Now we are finally ready to send something over the air! In the Cansat_RFM96 library there are some examples that can be used for testing the radios.

First, connect only the Cansat board to the computer with USB and make sure that the antenna is connected properly. Never use the radio without an external antenna connected! The antenna can be either a small whip antenna or a Yagi antenna or any other 50 Ohm impedance antenna made for the 433 MHz frequency band. Locate the example sketch in Files -> Examples -> Cansat_RFM96 and select the sketch «Cansat_SendPressureWithRFM96» and upload it to the board. Open the Serial Monitor, and you should see the pressure measurements that are transmitted by the radio. Note, however, that the sketch is what outputs the data also to the Serial port, which is not what happens without explicitly programmed to do so. Now the Cansat will send data at a given rate as long as it is connected to power, and it does not need to be connected to a computer to do so.

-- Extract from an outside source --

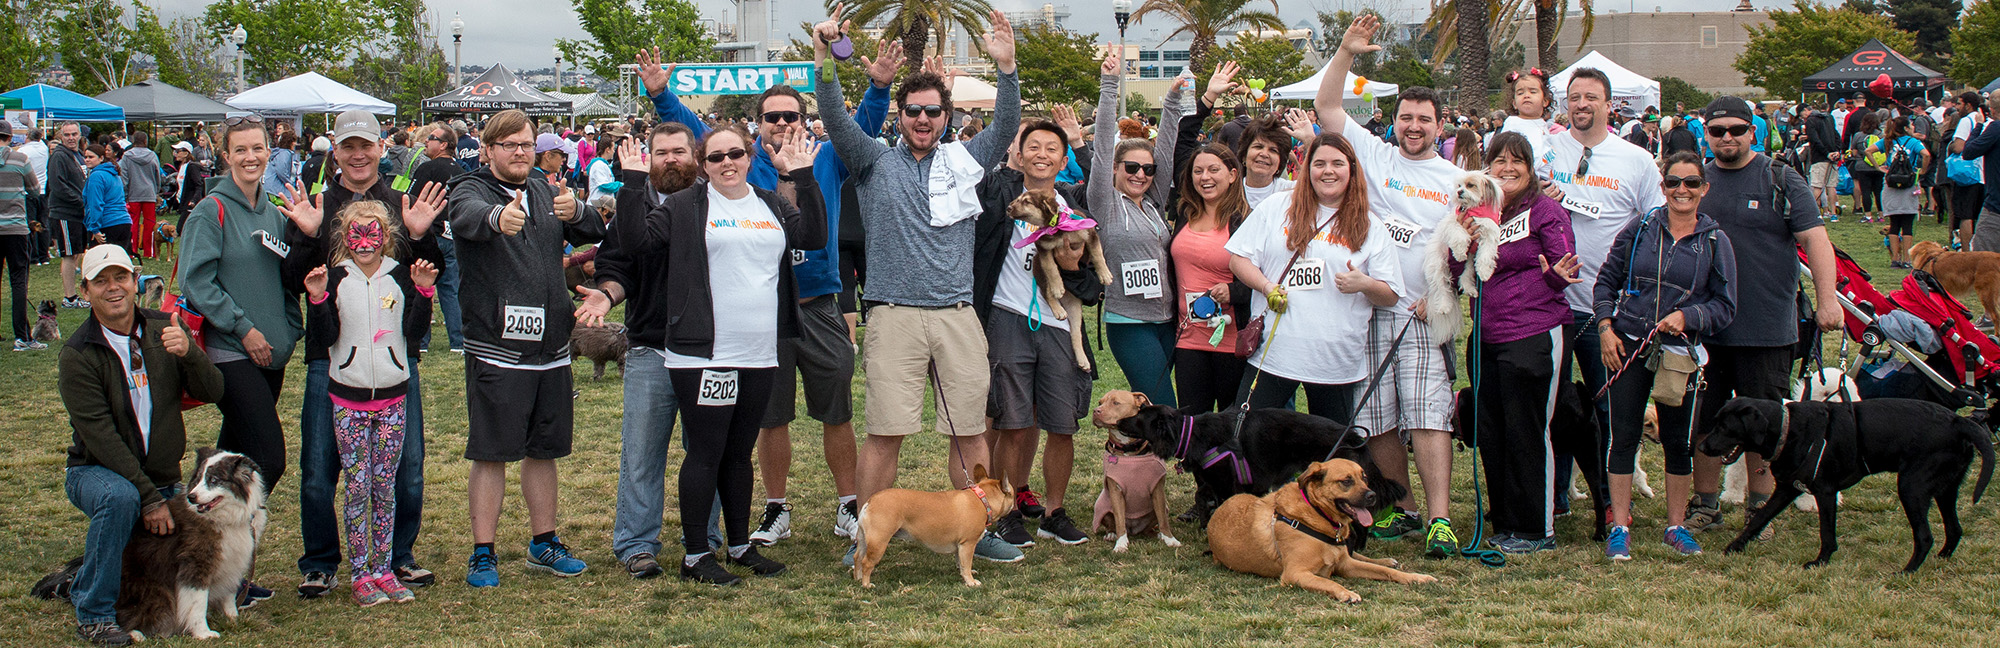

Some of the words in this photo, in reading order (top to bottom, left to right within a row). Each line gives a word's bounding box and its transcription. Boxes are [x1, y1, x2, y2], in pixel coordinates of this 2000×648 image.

Disconnect the Cansat board and connect the ground control board (GCB) to the USB. Now locate the example sketch «Cansat_RadioRecvTest» in the same example folder as above and upload it to the GCB. Now, in principle you can also connect the Cansat board to the computer to power it up, but it will be simpler for you to not connect the GCB and Cansat boards to the same computer, so life is going to be easier for you if you find another power supply for the Cansat (like a wall charger or a USB battery pack). While the GCB is connected and Cansat board unconnected to power, open Serial Monitor and see that you will periodically get text from the GCB stating that it did not receive any data in a given time frame. Connect now the Cansat to power, and you should then see text and data from the Cansat streaming in on the Serial Monitor connected to the GCB. If this is not the case, look in the code and find out if the radio frequency is the same for both transmitter and receiver, change to the same frequency if necessary. Does it work now?

Congratulations, you have transmitted your first data packets!

Now spend some time on trying to understand how the transmitting sketch and the GCB receive sketch work, and to play around with it to learn how to use the radio.